Outer Edge Magazine


Everest: Dead or Alive

Bookmark and Share
Everest: Dead or Alive

In punter public’s eyes it remains the ultimate climb – and it’s hard to beat the ‘highest point on the planet’ platitude – but is summiting Everest easier than ever before? Or is it still a deadly walk in dangerous park, champagne tours notwithstanding? Just what does it take to survive modern day Mt Everest? WORDS: Gavin Melgaard

The American mountain guide Scott Fischer once said that they had built “a golden brick road to the summit of Mt Everest”. Today, climbers pass his weathered and frozen body at rest just beyond camp four, as they make their final push to the world’s highest point.

This past May the amount of total summits broke the 5000 mark. The list of people who have stood at the top of the world now includes a 76-year-old and a 13-year-old. And just about every other ‘record’ to be set on the mountain has been broken in the last season or so (including the most summits – 20 – by Apa Sherpa this May).

So is getting to the summit of Mt Everest something that grandpa and grandson can notch up easily enough, an outing to take trumps in the family album? Or do the records and sheer weight of numbers hovering around base camp give a false sense of security?

The 50 per cent increase in the amount of people attempting to climb Mt Everest in the last decade has made it crowded, especially when the number of suitable weather summit days is limited to the spring season of May. There is no regulation on numbers for people climbing the mountain, meaning base camps both on the northern slopes in Tibet and south in Nepal swell with up to 600 tents in season. In the all too infrequent good weather windows – last season there was a total of six days – there are 513 people looking to summit and up to 150 making the final push at any one time.
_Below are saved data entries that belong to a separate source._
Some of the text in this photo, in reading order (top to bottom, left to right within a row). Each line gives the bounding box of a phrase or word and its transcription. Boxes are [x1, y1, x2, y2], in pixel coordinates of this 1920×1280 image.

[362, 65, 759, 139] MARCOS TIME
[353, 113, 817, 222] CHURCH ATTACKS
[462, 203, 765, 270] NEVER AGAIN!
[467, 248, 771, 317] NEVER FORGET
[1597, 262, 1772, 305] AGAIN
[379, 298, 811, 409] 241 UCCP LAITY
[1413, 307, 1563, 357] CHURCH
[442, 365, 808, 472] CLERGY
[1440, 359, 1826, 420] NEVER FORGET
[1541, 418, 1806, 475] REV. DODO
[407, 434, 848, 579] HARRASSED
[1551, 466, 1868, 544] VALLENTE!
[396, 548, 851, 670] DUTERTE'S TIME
And while they come from different directions, they are all heading for the same spot on top, which generally has room for a few.
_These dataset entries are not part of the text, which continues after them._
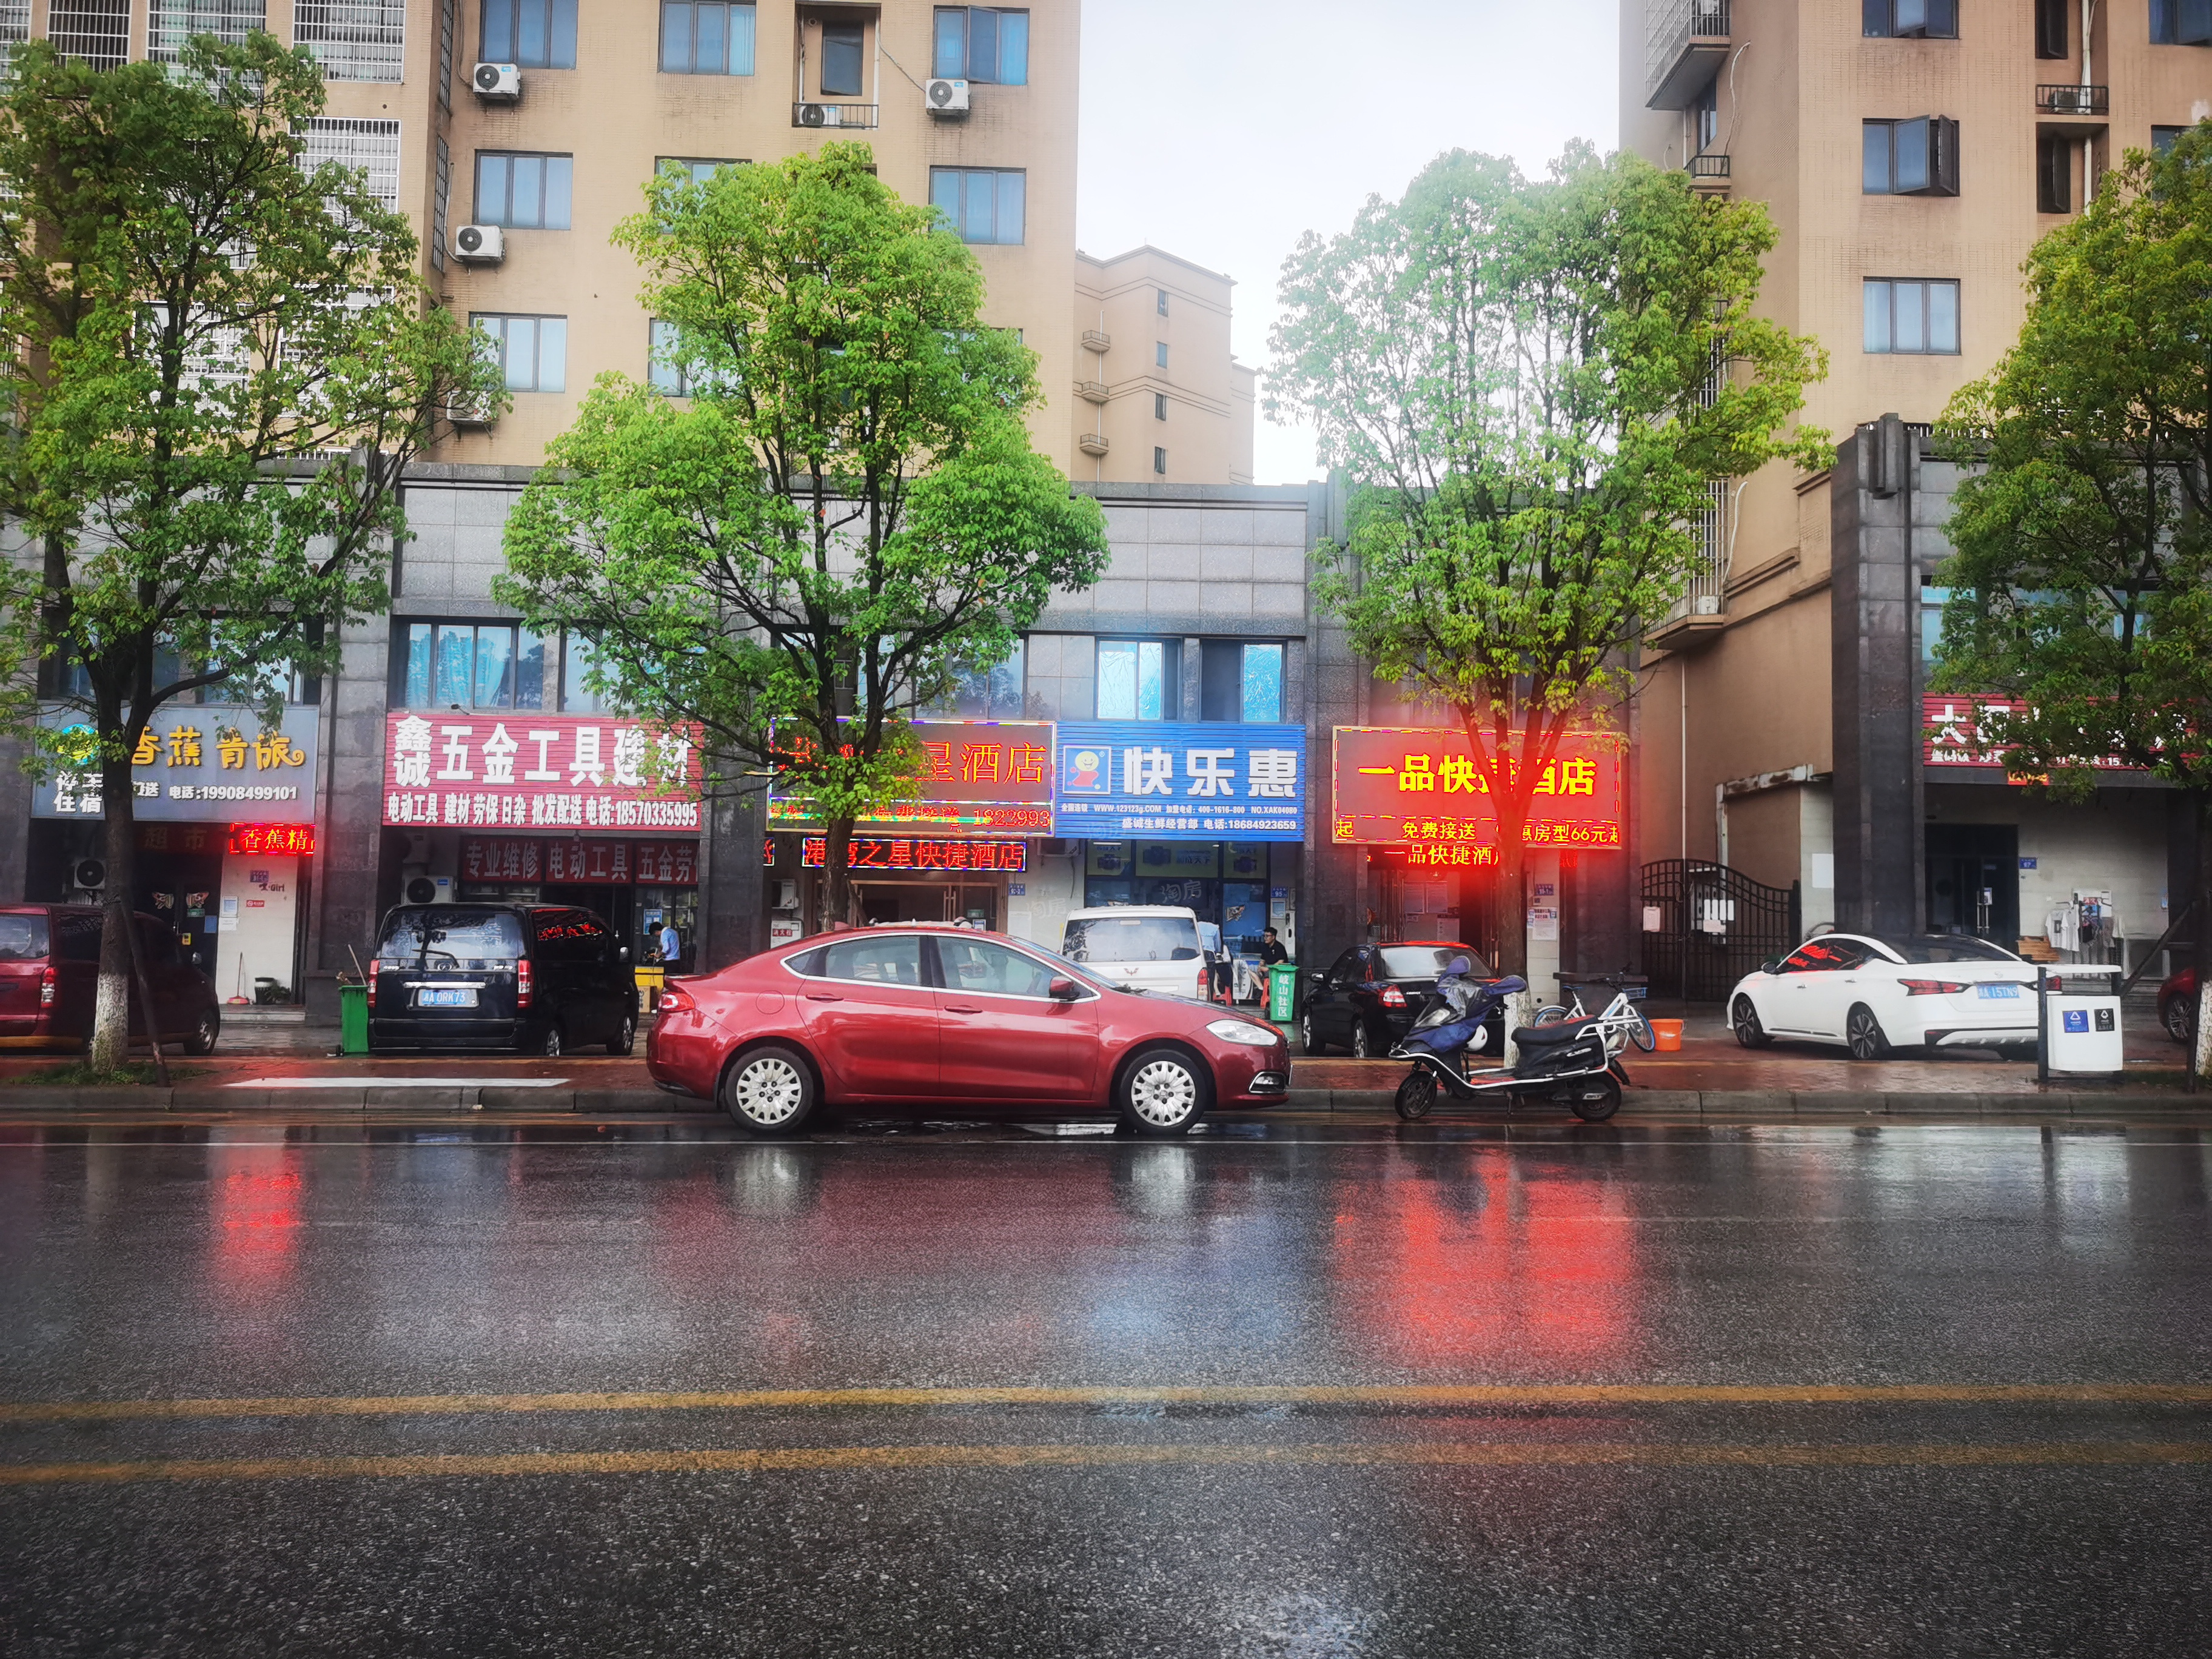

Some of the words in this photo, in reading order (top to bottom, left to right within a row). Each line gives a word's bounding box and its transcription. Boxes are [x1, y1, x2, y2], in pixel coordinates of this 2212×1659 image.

[1124, 746, 1298, 798] 快乐惠
[169, 786, 297, 800] 电话:19908499101
[388, 791, 438, 823] 电动工具
[444, 793, 471, 824] 建材
[473, 793, 498, 825] 劳保
[502, 793, 526, 825] 日杂
[532, 793, 582, 825] 批发配送
[586, 795, 698, 826] 电话:18570335995
[1122, 817, 1198, 830] 盛诚生鲜经营部
[1204, 819, 1296, 830] 电话:18684923659
[1401, 821, 1476, 840] 免费接送
[1496, 823, 1619, 843] 惠房型66元
[241, 828, 309, 850] 香蕉精
[466, 842, 539, 880] 专业维修
[549, 842, 629, 880] 电动工具
[638, 845, 698, 882] 五金劳
[1384, 844, 1499, 865] 一品快捷酒
After acclimatising at base camp for several weeks, climbers head through the icefall to camp one. It’s dark and silent outside when teams leave the tents at 3AM, which is when the obstacles in the icefall are solid and somewhat safer in the minus ten degree temperature.

A heaven of stars above doesn’t twinkle: with the thin atmosphere they simply pierce the sky. Climbers pass the Buddhist shrine made of rocks and pay homage to the goddess of the mountain to ask for protection. Then they slip into the eerie grey light as frozen ground crunches underneath.

Getting through the icefall in the early morning is imperative. This is where more climbers have been killed in recent times by either falls into crevasses, avalanches or huge towers of collapsing ice that make up seracs. Mt Everest has claimed over 200 lives, giving you a 4.1 per cent chance of dying (in 1990 it was 37 per cent). Most expeditions will make four trips through the Khumbu Icefall while conditioning themselves for that one chance at the summit. There are queues to use the ropes and climb the ladders. From a distance it looks like a row of black ants weaving their way through huge ice pillars.

It’s once you leave camp three at 7000 metres that you are committed; this is where the clock really starts ticking. You have about eight hours of oxygen to traverse the exposed and steep Lhotse Face to camp four on the South Col. What makes this extra difficult is that you will most likely be carrying a load of equipment and using an oxygen mask for the first time.

In May, as climbers traversed towards camp four, in the distance they could see what appeared to be a person hunched over the rope. A team member pointed it out to their Norwegian guide Tore, who was on his second summit attempt, this time from the south.

“I don’t have any energy to help,” said the 62-year-old to his stunned charges. The ‘person’ turned out to be a backpack that had been clipped to the rope. Tore is not shy at telling people to turn back when he thinks they should. He once turned back his mother-in-law a few hundred metres from the summit of Mt Kilimanjaro.

“People should pass a test at base camp,” says Tore. “They should show that they have attained a certain standard of climbing and physical ability; and they should also have a blood oxygen saturation test.”

A set up on Mt Aconcagua in South America – the highest mountain outside of the Himalayas and one of the glorified seven summits – gives people a free pulse and blood oxygen saturation reading, the idea being to identify altitude sickness problems before any push to the summit.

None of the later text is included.